▶ **ASSIGNMENT**: Word for word, repeat the data that follows. Do not include the pictures.

▶ **MATERIAL SUPPLIED**:
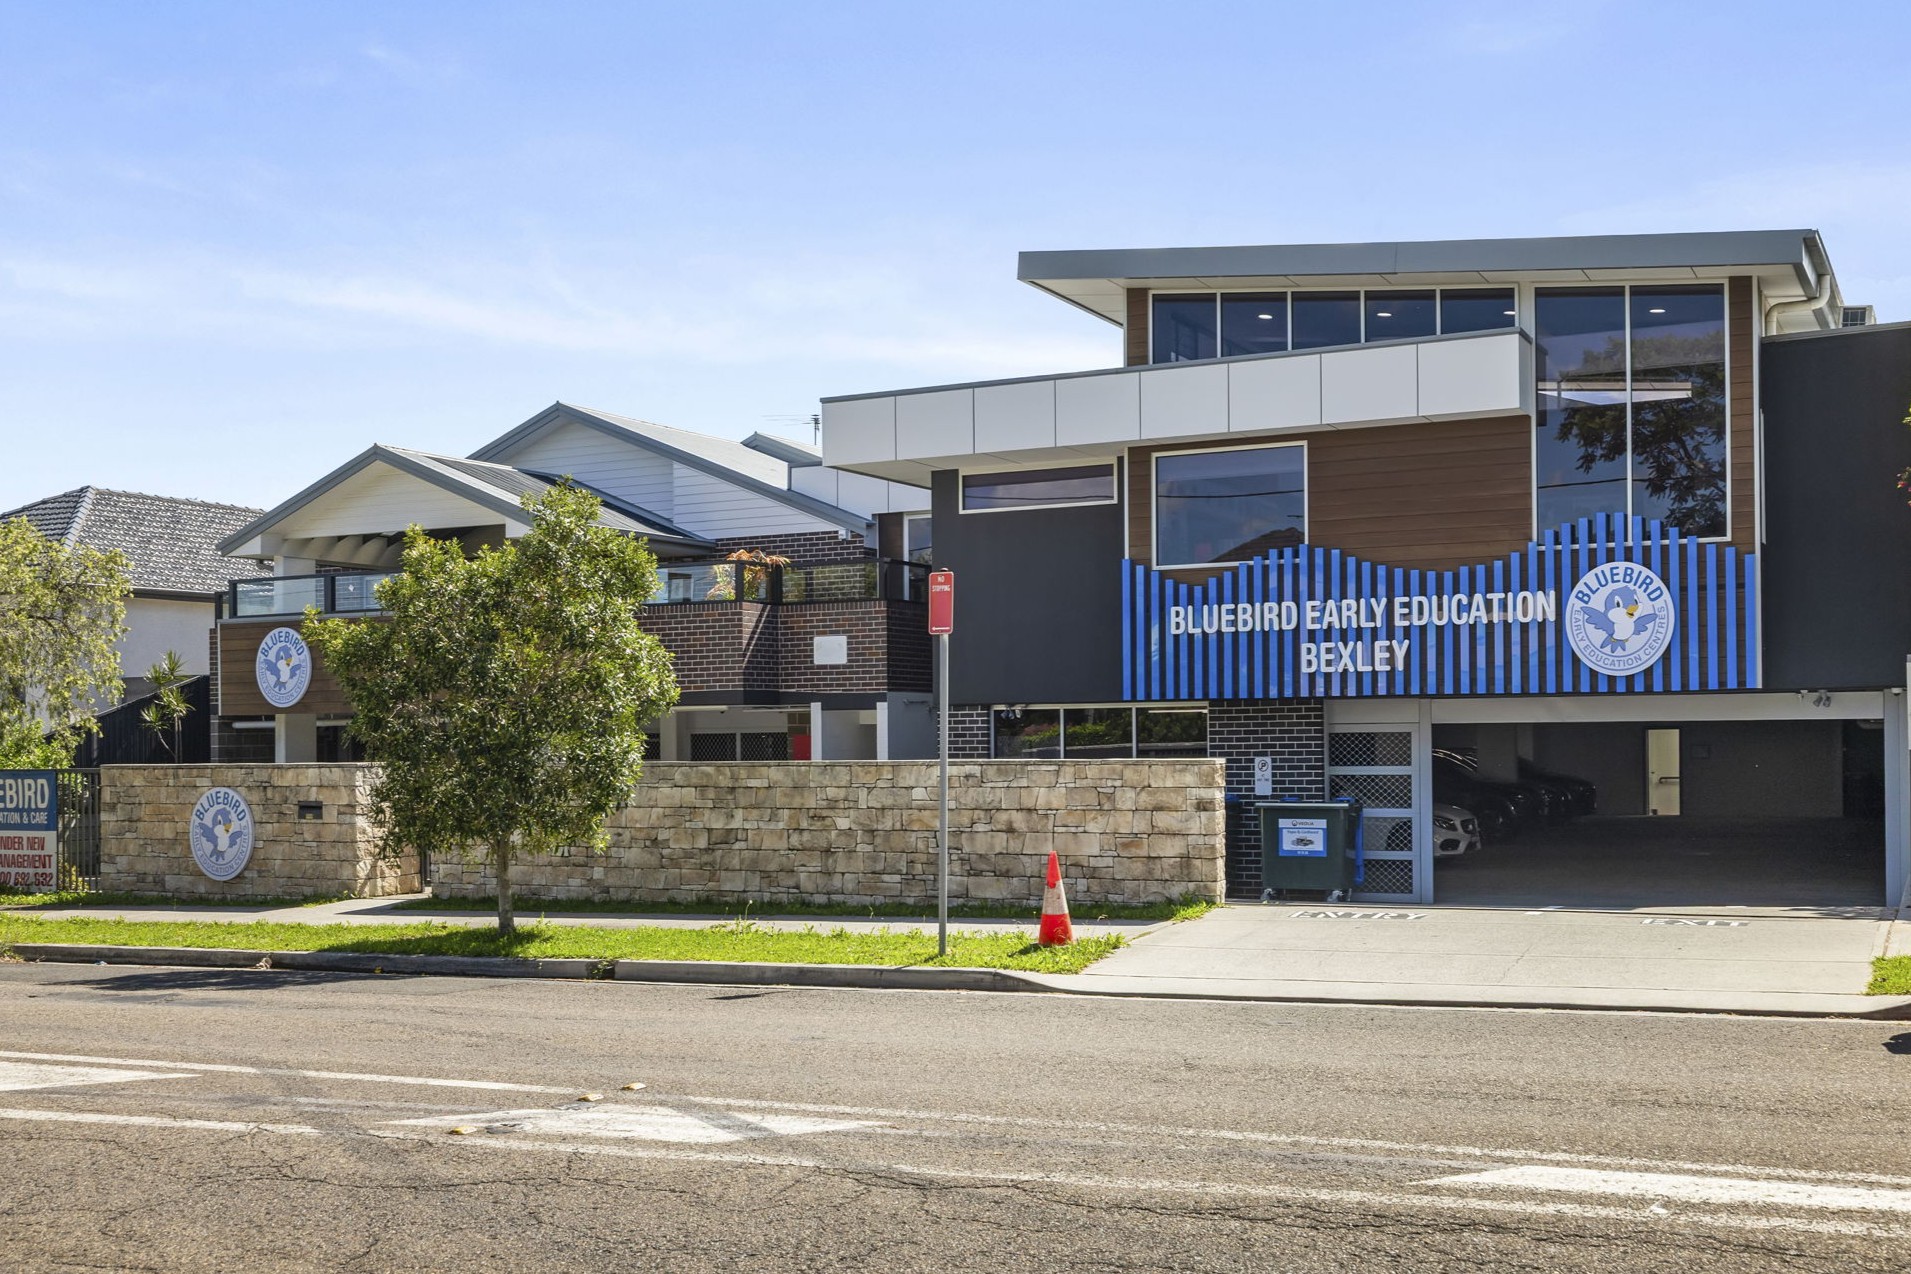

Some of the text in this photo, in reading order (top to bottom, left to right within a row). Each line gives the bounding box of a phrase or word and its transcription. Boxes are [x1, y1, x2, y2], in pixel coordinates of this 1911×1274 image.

[1575, 566, 1664, 605] BLUEBIRD
[1170, 590, 1556, 635] BLUEBIRD EARLY EDUCATION
[260, 631, 305, 657] BLUEBIRD
[1573, 606, 1667, 668] EARLY EDUCATION CENTRES
[1301, 639, 1410, 673] BEXLEY
[22, 812, 29, 824] &
[30, 812, 48, 824] CARE
[195, 791, 247, 821] BLUEBIRD
[27, 836, 45, 851] NEW
[198, 852, 235, 874] EDUCATION
[34, 872, 54, 887] 632
[1289, 910, 1427, 920] ENTRY
[1640, 918, 1750, 927] EXIT

▶ **EXERCISE SOLUTION**:
Some of the text in this photo, in reading order (top to bottom, left to right within a row). Each line gives the bounding box of a phrase or word and its transcription. Boxes are [x1, y1, x2, y2], in pixel coordinates of this 1911×1274 image.

[1575, 566, 1664, 605] BLUEBIRD
[1170, 590, 1556, 635] BLUEBIRD EARLY EDUCATION
[260, 631, 305, 657] BLUEBIRD
[1573, 606, 1667, 668] EARLY EDUCATION CENTRES
[1301, 639, 1410, 673] BEXLEY
[22, 812, 29, 824] &
[30, 812, 48, 824] CARE
[195, 791, 247, 821] BLUEBIRD
[27, 836, 45, 851] NEW
[198, 852, 235, 874] EDUCATION
[34, 872, 54, 887] 632
[1289, 910, 1427, 920] ENTRY
[1640, 918, 1750, 927] EXIT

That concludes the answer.